EXERCISE
Reproduce the entries. Each one must match the original exactly.

SUPPLIED ENTRIES
☆ ☆ ☆ ☆ ☆ ☆ ☆
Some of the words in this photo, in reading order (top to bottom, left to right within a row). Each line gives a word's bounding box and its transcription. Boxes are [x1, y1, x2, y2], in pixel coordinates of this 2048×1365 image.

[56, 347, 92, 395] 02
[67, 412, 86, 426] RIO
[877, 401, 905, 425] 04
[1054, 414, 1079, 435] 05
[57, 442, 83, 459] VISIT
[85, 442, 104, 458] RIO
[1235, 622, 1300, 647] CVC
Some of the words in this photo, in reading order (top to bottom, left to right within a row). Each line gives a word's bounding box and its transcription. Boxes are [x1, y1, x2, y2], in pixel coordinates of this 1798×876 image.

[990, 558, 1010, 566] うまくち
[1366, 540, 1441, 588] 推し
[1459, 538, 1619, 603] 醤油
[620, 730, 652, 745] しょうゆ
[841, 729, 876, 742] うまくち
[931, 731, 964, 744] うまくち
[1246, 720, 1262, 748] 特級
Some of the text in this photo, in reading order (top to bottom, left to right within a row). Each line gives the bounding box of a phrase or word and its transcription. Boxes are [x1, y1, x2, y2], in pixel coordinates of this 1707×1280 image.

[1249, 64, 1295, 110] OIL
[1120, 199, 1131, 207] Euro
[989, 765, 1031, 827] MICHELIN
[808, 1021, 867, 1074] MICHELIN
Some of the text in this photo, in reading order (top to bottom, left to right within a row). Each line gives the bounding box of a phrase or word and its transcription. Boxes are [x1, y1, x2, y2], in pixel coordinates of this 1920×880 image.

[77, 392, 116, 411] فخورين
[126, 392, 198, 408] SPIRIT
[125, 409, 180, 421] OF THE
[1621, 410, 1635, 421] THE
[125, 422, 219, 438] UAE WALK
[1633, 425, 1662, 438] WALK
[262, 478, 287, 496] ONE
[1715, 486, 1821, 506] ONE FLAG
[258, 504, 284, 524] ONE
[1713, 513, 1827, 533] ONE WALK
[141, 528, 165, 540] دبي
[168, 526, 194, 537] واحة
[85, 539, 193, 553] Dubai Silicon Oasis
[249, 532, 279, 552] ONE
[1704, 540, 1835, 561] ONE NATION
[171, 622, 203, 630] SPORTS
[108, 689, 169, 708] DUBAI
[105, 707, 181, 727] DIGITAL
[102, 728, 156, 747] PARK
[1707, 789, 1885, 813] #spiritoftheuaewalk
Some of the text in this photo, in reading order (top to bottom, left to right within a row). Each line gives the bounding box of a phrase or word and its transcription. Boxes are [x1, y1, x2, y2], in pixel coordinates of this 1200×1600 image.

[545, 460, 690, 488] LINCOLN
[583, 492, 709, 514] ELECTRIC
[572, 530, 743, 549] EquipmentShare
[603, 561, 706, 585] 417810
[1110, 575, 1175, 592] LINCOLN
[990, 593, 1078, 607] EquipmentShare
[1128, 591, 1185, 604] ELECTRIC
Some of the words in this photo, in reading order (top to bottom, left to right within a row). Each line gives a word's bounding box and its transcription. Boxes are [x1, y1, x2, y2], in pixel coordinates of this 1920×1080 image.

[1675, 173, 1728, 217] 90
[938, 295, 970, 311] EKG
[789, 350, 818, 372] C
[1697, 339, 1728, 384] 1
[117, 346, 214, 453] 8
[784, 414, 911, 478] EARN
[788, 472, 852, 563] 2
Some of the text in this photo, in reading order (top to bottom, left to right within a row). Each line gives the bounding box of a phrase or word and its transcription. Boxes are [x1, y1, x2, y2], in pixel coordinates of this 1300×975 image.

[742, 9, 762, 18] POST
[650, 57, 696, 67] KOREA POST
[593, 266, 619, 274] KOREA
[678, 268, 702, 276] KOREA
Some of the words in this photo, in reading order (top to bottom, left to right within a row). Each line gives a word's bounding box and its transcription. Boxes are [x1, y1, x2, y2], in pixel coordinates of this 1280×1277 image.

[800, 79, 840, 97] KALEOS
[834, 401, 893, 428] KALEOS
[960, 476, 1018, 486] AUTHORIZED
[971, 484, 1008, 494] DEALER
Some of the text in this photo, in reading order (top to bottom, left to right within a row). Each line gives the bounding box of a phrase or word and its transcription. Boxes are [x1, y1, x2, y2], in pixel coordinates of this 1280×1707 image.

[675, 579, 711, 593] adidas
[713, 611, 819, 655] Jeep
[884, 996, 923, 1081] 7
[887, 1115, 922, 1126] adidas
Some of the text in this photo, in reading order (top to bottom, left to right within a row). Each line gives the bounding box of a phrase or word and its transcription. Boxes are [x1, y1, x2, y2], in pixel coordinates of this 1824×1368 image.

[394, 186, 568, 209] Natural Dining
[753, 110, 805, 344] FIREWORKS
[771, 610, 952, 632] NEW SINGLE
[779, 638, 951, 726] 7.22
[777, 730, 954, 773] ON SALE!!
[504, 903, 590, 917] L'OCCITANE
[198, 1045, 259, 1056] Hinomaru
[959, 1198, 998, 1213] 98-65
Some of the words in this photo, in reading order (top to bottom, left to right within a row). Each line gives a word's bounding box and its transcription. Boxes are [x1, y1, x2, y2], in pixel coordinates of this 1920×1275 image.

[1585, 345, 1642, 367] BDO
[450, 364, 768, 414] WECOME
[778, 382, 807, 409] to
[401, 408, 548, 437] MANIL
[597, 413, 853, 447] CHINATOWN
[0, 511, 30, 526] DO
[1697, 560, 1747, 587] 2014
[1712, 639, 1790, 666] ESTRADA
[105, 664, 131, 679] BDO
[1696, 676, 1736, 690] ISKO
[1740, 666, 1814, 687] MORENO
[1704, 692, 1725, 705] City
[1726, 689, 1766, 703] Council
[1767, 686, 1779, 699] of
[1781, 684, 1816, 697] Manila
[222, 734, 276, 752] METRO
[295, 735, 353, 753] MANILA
☆ ☆ ☆ ☆ ☆ ☆ ☆
TASK ANSWER
Some of the words in this photo, in reading order (top to bottom, left to right within a row). Each line gives a word's bounding box and its transcription. Boxes are [x1, y1, x2, y2], in pixel coordinates of this 2048×1365 image.

[56, 347, 92, 395] 02
[67, 412, 86, 426] RIO
[877, 401, 905, 425] 04
[1054, 414, 1079, 435] 05
[57, 442, 83, 459] VISIT
[85, 442, 104, 458] RIO
[1235, 622, 1300, 647] CVC
Some of the words in this photo, in reading order (top to bottom, left to right within a row). Each line gives a word's bounding box and its transcription. Boxes are [x1, y1, x2, y2], in pixel coordinates of this 1798×876 image.

[990, 558, 1010, 566] うまくち
[1366, 540, 1441, 588] 推し
[1459, 538, 1619, 603] 醤油
[620, 730, 652, 745] しょうゆ
[841, 729, 876, 742] うまくち
[931, 731, 964, 744] うまくち
[1246, 720, 1262, 748] 特級
Some of the text in this photo, in reading order (top to bottom, left to right within a row). Each line gives the bounding box of a phrase or word and its transcription. Boxes are [x1, y1, x2, y2], in pixel coordinates of this 1707×1280 image.

[1249, 64, 1295, 110] OIL
[1120, 199, 1131, 207] Euro
[989, 765, 1031, 827] MICHELIN
[808, 1021, 867, 1074] MICHELIN
Some of the text in this photo, in reading order (top to bottom, left to right within a row). Each line gives the bounding box of a phrase or word and its transcription. Boxes are [x1, y1, x2, y2], in pixel coordinates of this 1920×880 image.

[77, 392, 116, 411] فخورين
[126, 392, 198, 408] SPIRIT
[125, 409, 180, 421] OF THE
[1621, 410, 1635, 421] THE
[125, 422, 219, 438] UAE WALK
[1633, 425, 1662, 438] WALK
[262, 478, 287, 496] ONE
[1715, 486, 1821, 506] ONE FLAG
[258, 504, 284, 524] ONE
[1713, 513, 1827, 533] ONE WALK
[141, 528, 165, 540] دبي
[168, 526, 194, 537] واحة
[85, 539, 193, 553] Dubai Silicon Oasis
[249, 532, 279, 552] ONE
[1704, 540, 1835, 561] ONE NATION
[171, 622, 203, 630] SPORTS
[108, 689, 169, 708] DUBAI
[105, 707, 181, 727] DIGITAL
[102, 728, 156, 747] PARK
[1707, 789, 1885, 813] #spiritoftheuaewalk
Some of the text in this photo, in reading order (top to bottom, left to right within a row). Each line gives the bounding box of a phrase or word and its transcription. Boxes are [x1, y1, x2, y2], in pixel coordinates of this 1200×1600 image.

[545, 460, 690, 488] LINCOLN
[583, 492, 709, 514] ELECTRIC
[572, 530, 743, 549] EquipmentShare
[603, 561, 706, 585] 417810
[1110, 575, 1175, 592] LINCOLN
[990, 593, 1078, 607] EquipmentShare
[1128, 591, 1185, 604] ELECTRIC
Some of the words in this photo, in reading order (top to bottom, left to right within a row). Each line gives a word's bounding box and its transcription. Boxes are [x1, y1, x2, y2], in pixel coordinates of this 1920×1080 image.

[1675, 173, 1728, 217] 90
[938, 295, 970, 311] EKG
[789, 350, 818, 372] C
[1697, 339, 1728, 384] 1
[117, 346, 214, 453] 8
[784, 414, 911, 478] EARN
[788, 472, 852, 563] 2
Some of the text in this photo, in reading order (top to bottom, left to right within a row). Each line gives the bounding box of a phrase or word and its transcription. Boxes are [x1, y1, x2, y2], in pixel coordinates of this 1300×975 image.

[742, 9, 762, 18] POST
[650, 57, 696, 67] KOREA POST
[593, 266, 619, 274] KOREA
[678, 268, 702, 276] KOREA
Some of the words in this photo, in reading order (top to bottom, left to right within a row). Each line gives a word's bounding box and its transcription. Boxes are [x1, y1, x2, y2], in pixel coordinates of this 1280×1277 image.

[800, 79, 840, 97] KALEOS
[834, 401, 893, 428] KALEOS
[960, 476, 1018, 486] AUTHORIZED
[971, 484, 1008, 494] DEALER
Some of the text in this photo, in reading order (top to bottom, left to right within a row). Each line gives the bounding box of a phrase or word and its transcription. Boxes are [x1, y1, x2, y2], in pixel coordinates of this 1280×1707 image.

[675, 579, 711, 593] adidas
[713, 611, 819, 655] Jeep
[884, 996, 923, 1081] 7
[887, 1115, 922, 1126] adidas
Some of the text in this photo, in reading order (top to bottom, left to right within a row). Each line gives the bounding box of a phrase or word and its transcription. Boxes are [x1, y1, x2, y2], in pixel coordinates of this 1824×1368 image.

[394, 186, 568, 209] Natural Dining
[753, 110, 805, 344] FIREWORKS
[771, 610, 952, 632] NEW SINGLE
[779, 638, 951, 726] 7.22
[777, 730, 954, 773] ON SALE!!
[504, 903, 590, 917] L'OCCITANE
[198, 1045, 259, 1056] Hinomaru
[959, 1198, 998, 1213] 98-65
Some of the words in this photo, in reading order (top to bottom, left to right within a row). Each line gives a word's bounding box and its transcription. Boxes are [x1, y1, x2, y2], in pixel coordinates of this 1920×1275 image.

[1585, 345, 1642, 367] BDO
[450, 364, 768, 414] WECOME
[778, 382, 807, 409] to
[401, 408, 548, 437] MANIL
[597, 413, 853, 447] CHINATOWN
[0, 511, 30, 526] DO
[1697, 560, 1747, 587] 2014
[1712, 639, 1790, 666] ESTRADA
[105, 664, 131, 679] BDO
[1696, 676, 1736, 690] ISKO
[1740, 666, 1814, 687] MORENO
[1704, 692, 1725, 705] City
[1726, 689, 1766, 703] Council
[1767, 686, 1779, 699] of
[1781, 684, 1816, 697] Manila
[222, 734, 276, 752] METRO
[295, 735, 353, 753] MANILA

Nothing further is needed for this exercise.